Task directions: Repeat the records in full. No pictures belong in the copy.

(Free-text object descriptions)
+-------+

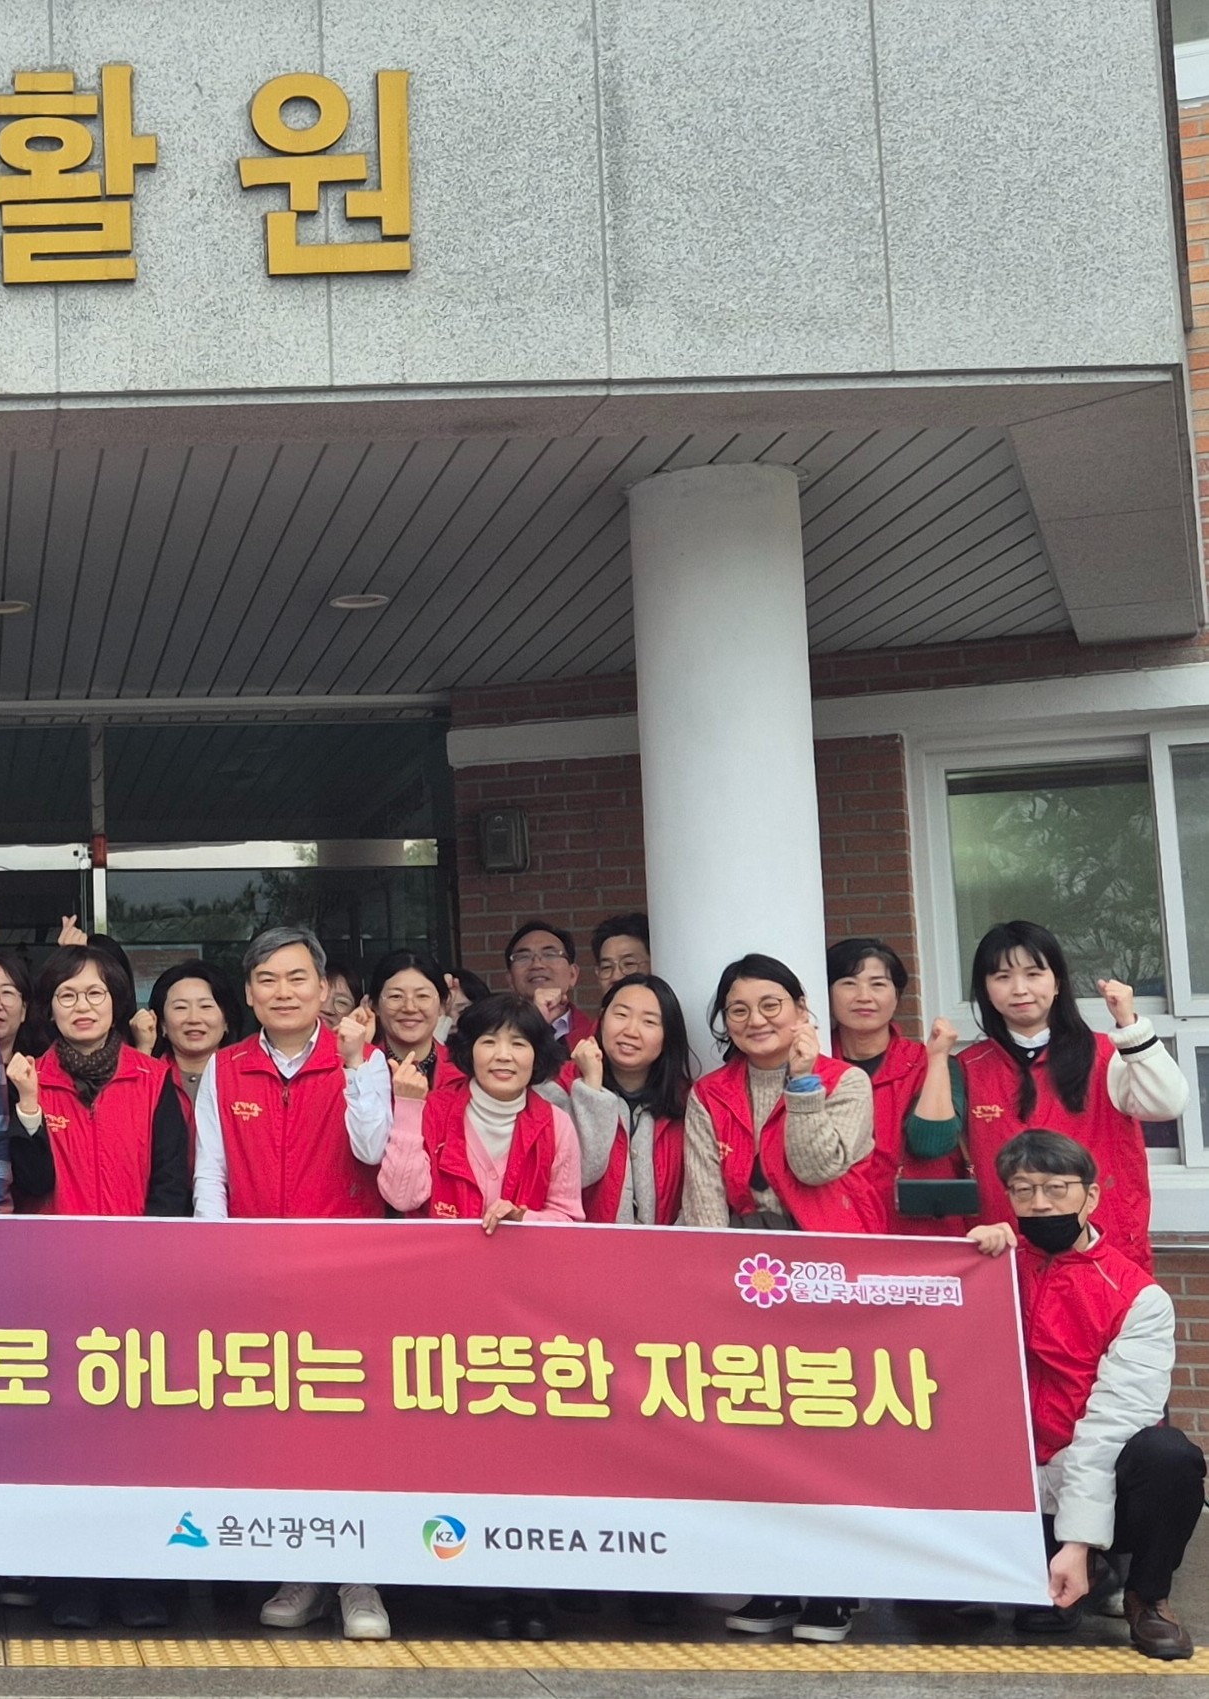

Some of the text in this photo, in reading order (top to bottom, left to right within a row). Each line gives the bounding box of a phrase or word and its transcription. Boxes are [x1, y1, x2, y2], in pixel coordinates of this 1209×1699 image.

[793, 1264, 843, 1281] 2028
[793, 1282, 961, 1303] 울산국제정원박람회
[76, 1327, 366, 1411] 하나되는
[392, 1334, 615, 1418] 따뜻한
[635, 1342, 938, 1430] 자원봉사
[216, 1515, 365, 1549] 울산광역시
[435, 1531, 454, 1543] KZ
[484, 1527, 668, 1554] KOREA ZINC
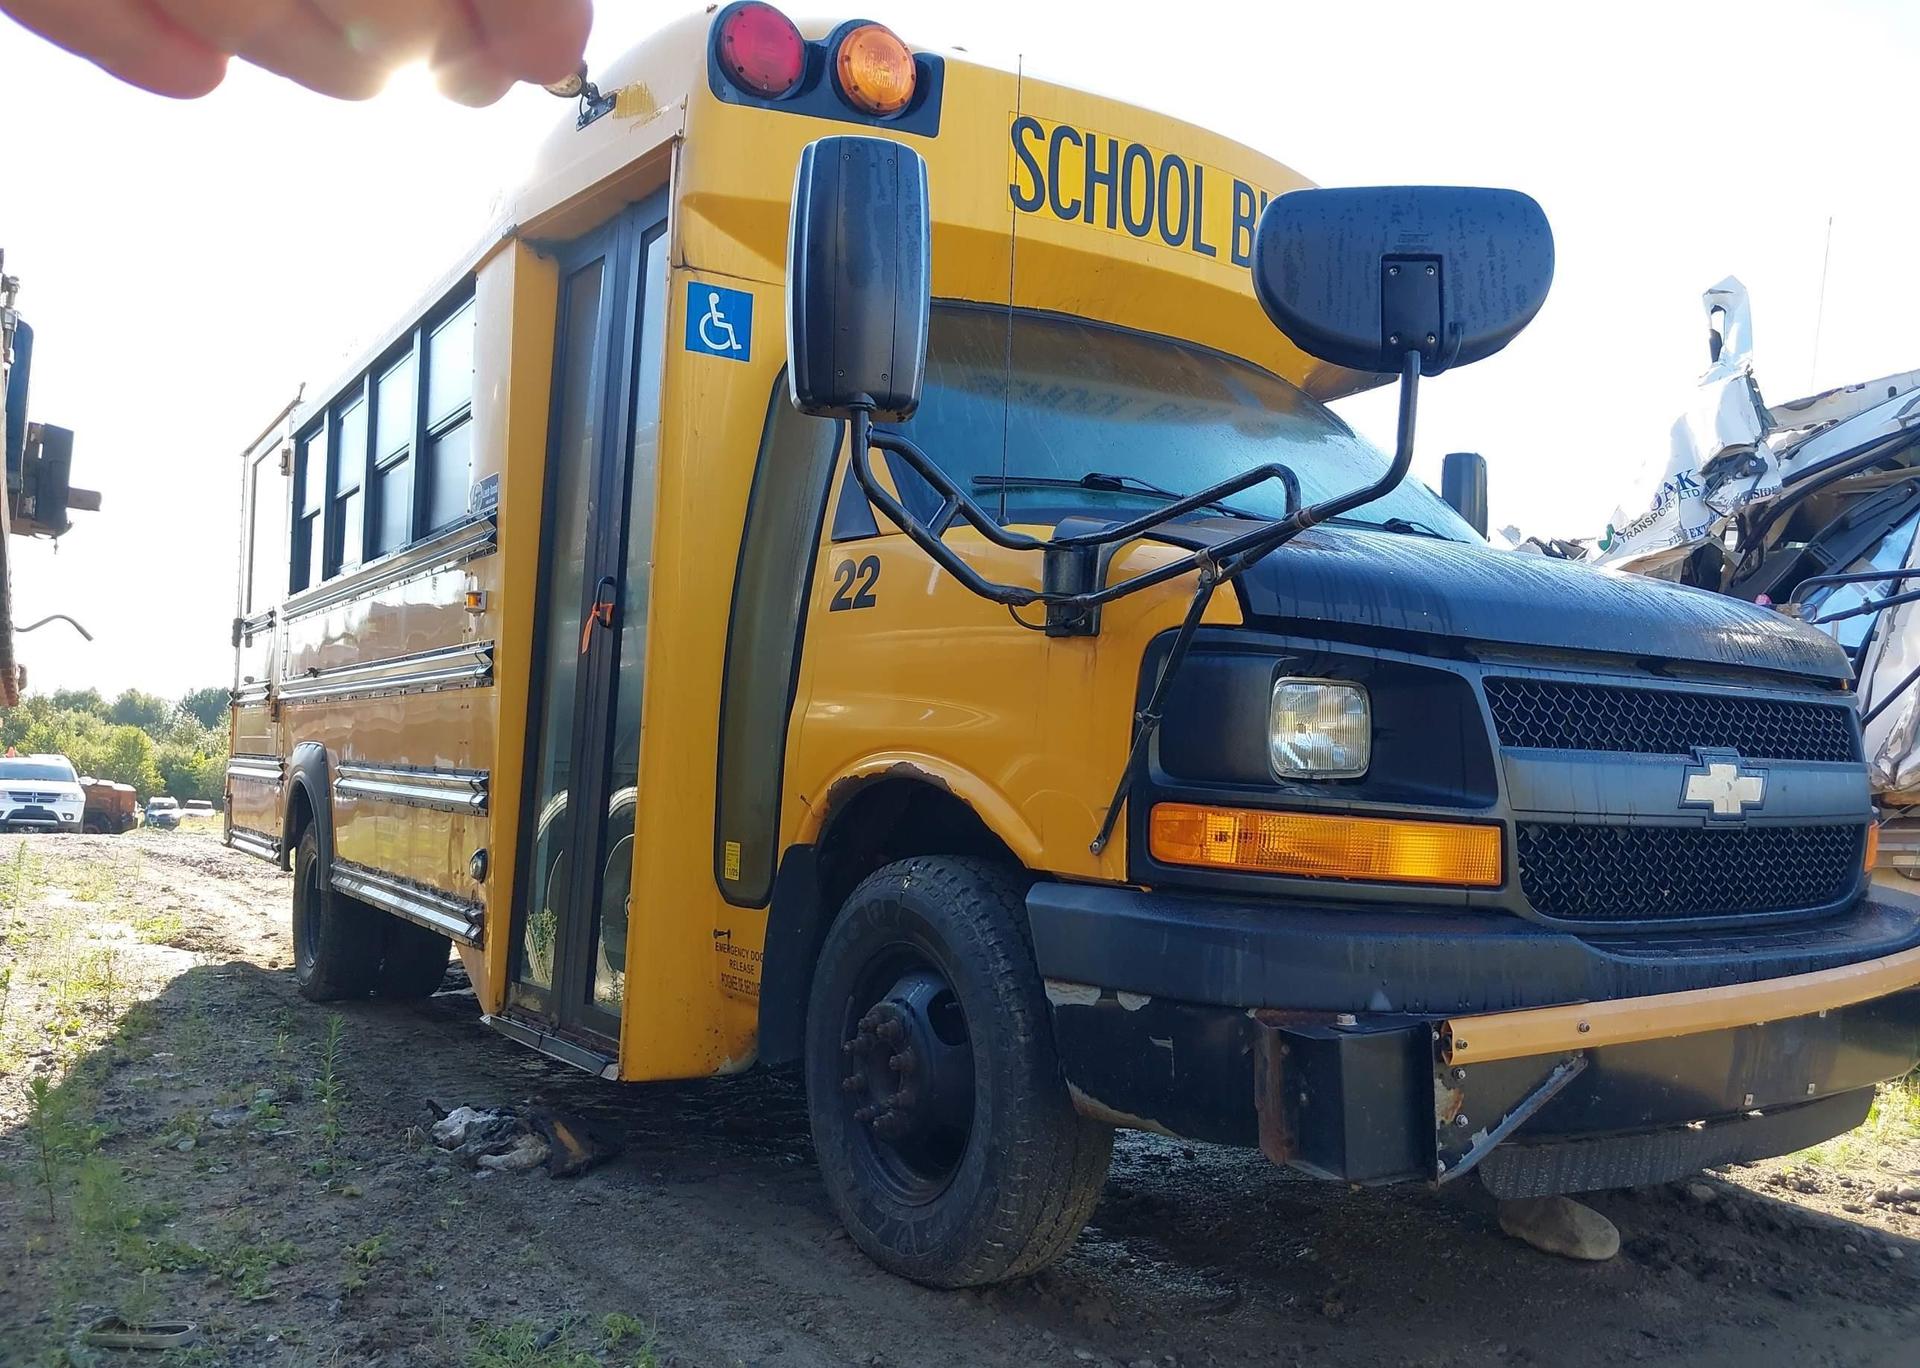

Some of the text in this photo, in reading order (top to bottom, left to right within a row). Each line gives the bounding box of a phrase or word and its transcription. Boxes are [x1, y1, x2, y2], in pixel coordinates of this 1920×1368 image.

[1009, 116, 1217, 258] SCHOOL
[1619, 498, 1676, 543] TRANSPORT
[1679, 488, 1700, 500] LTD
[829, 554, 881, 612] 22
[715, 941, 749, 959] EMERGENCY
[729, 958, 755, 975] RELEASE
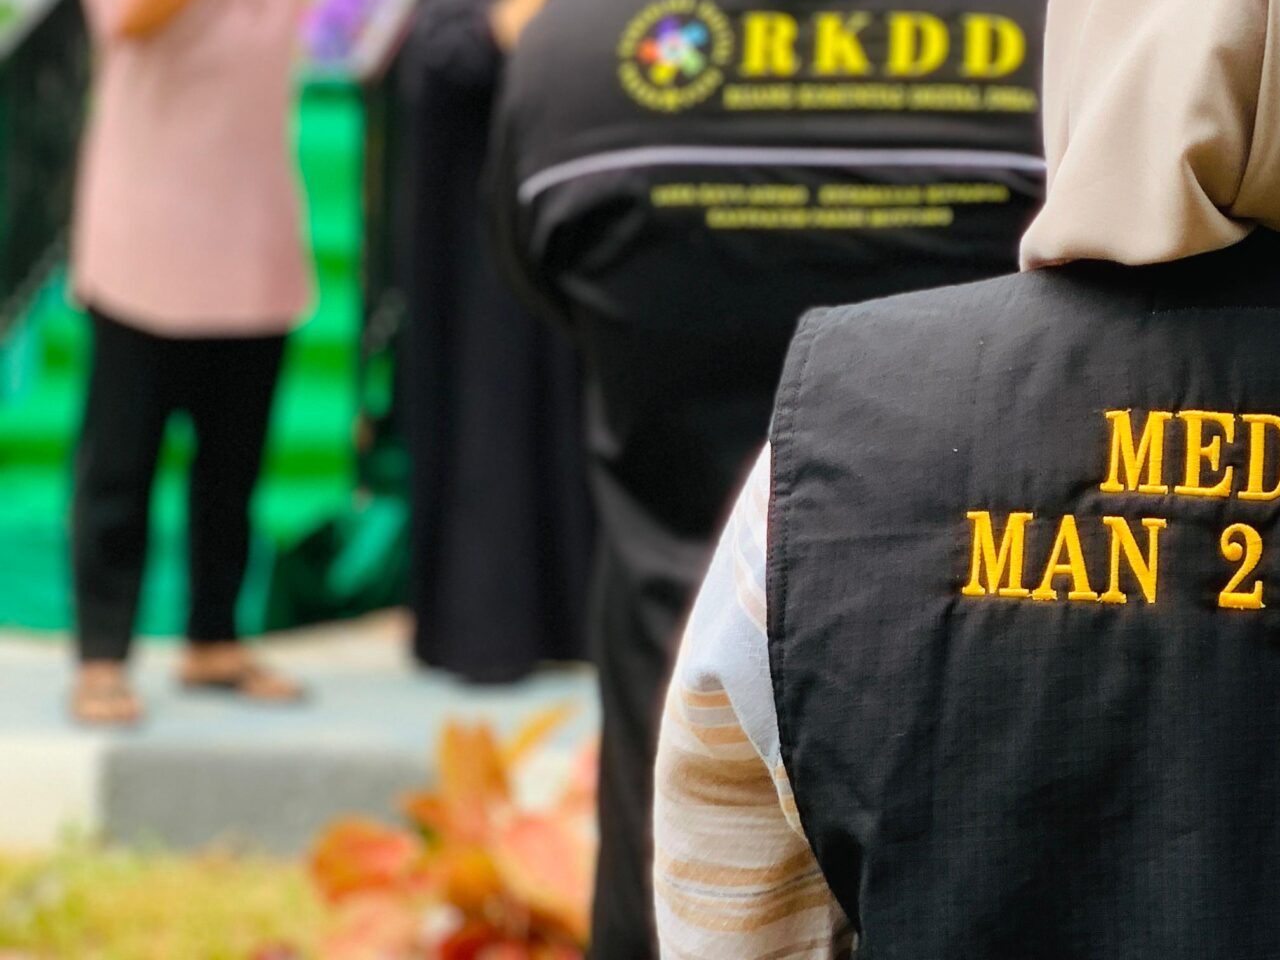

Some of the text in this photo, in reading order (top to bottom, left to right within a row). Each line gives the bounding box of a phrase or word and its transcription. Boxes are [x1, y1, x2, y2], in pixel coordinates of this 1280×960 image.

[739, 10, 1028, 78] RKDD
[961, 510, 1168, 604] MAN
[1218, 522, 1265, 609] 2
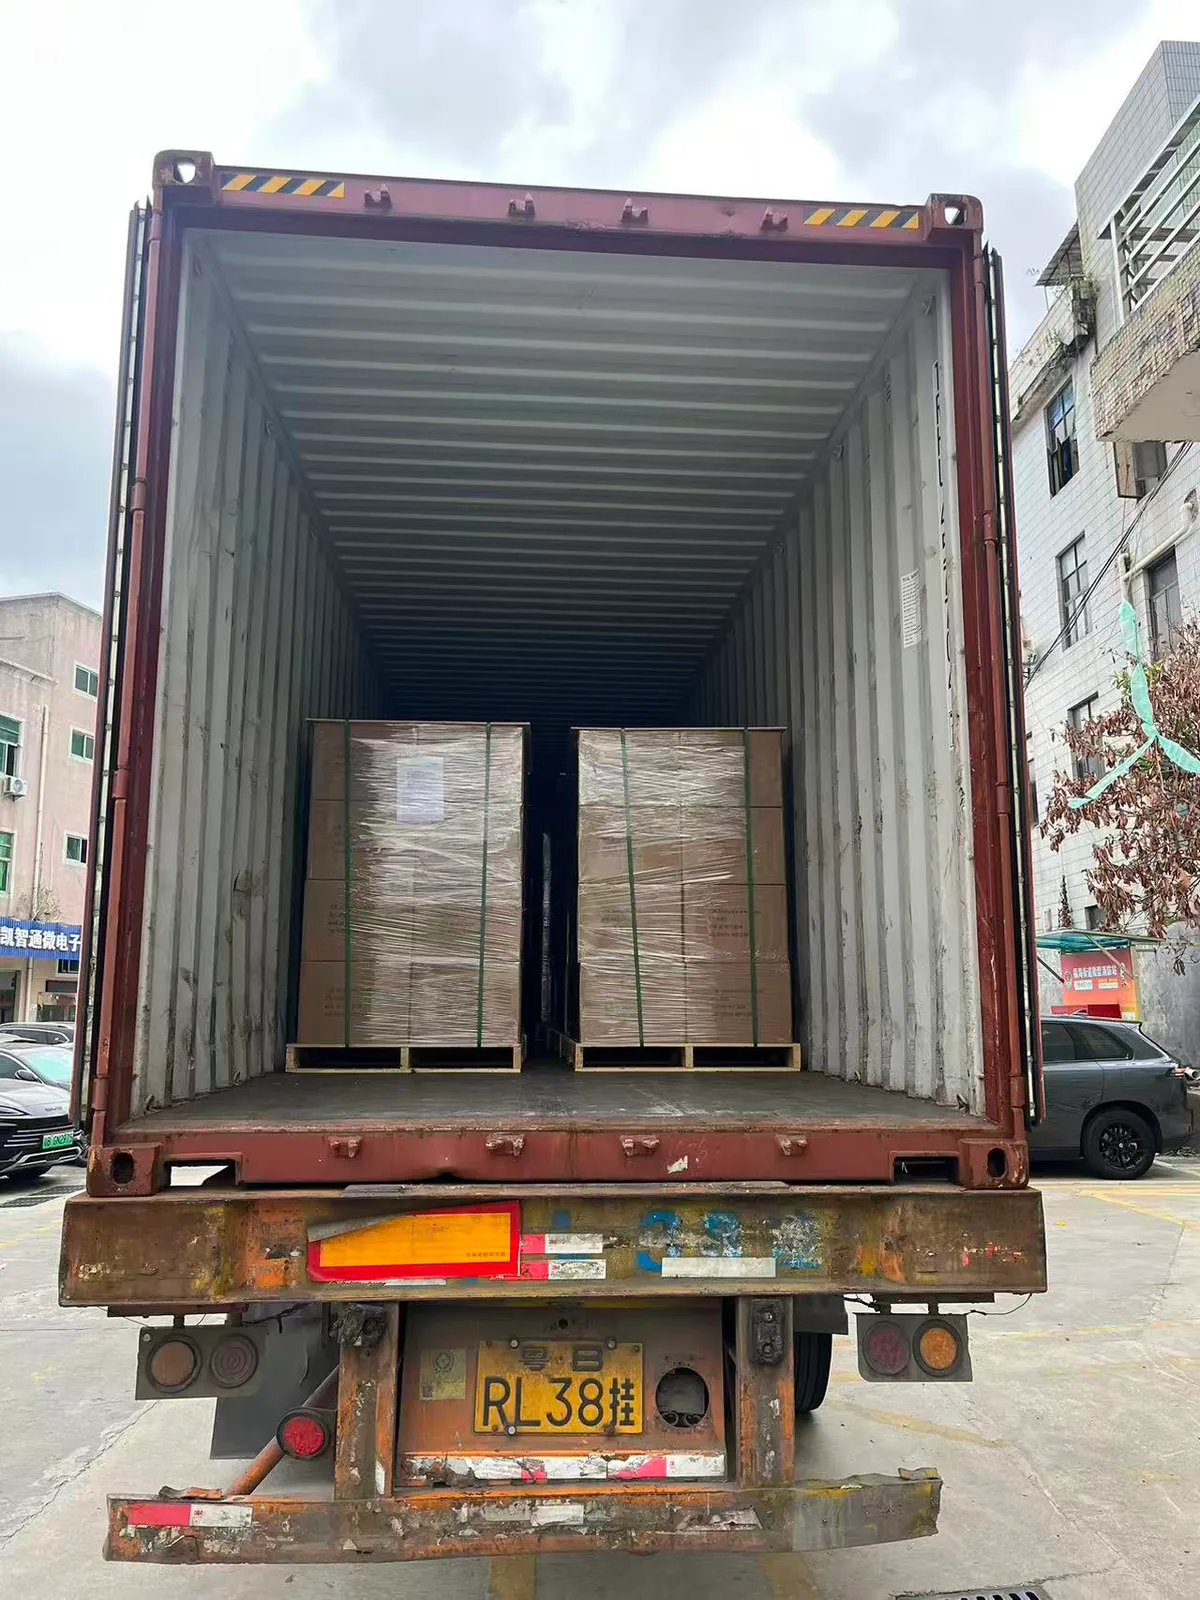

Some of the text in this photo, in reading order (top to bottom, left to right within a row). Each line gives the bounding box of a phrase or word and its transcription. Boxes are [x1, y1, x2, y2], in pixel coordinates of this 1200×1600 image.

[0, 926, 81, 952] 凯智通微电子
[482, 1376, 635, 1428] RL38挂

+-------+

Expected answer:
Some of the text in this photo, in reading order (top to bottom, left to right within a row). Each line gives the bounding box of a phrase or word and its transcription. Boxes are [x1, y1, x2, y2], in pixel coordinates of this 1209×1699 image.

[793, 1264, 843, 1281] 2028
[793, 1282, 961, 1303] 울산국제정원박람회
[76, 1327, 366, 1411] 하나되는
[392, 1334, 615, 1418] 따뜻한
[635, 1342, 938, 1430] 자원봉사
[216, 1515, 365, 1549] 울산광역시
[435, 1531, 454, 1543] KZ
[484, 1527, 668, 1554] KOREA ZINC

Some of the text in this photo, in reading order (top to bottom, left to right within a row). Each line gives the bounding box of a phrase or word and its transcription. Boxes are [x1, y1, x2, y2], in pixel coordinates of this 1920×1368 image.

[1009, 116, 1217, 258] SCHOOL
[1619, 498, 1676, 543] TRANSPORT
[1679, 488, 1700, 500] LTD
[829, 554, 881, 612] 22
[715, 941, 749, 959] EMERGENCY
[729, 958, 755, 975] RELEASE

Some of the text in this photo, in reading order (top to bottom, left to right within a row). Each line gives the bounding box of a phrase or word and its transcription. Boxes are [x1, y1, x2, y2], in pixel coordinates of this 1280×960 image.

[739, 10, 1028, 78] RKDD
[961, 510, 1168, 604] MAN
[1218, 522, 1265, 609] 2

Some of the text in this photo, in reading order (top to bottom, left to right within a row). Each line gives the bounding box of a phrase or word and its transcription. Boxes are [x1, y1, x2, y2], in pixel coordinates of this 1200×1600 image.

[0, 926, 81, 952] 凯智通微电子
[482, 1376, 635, 1428] RL38挂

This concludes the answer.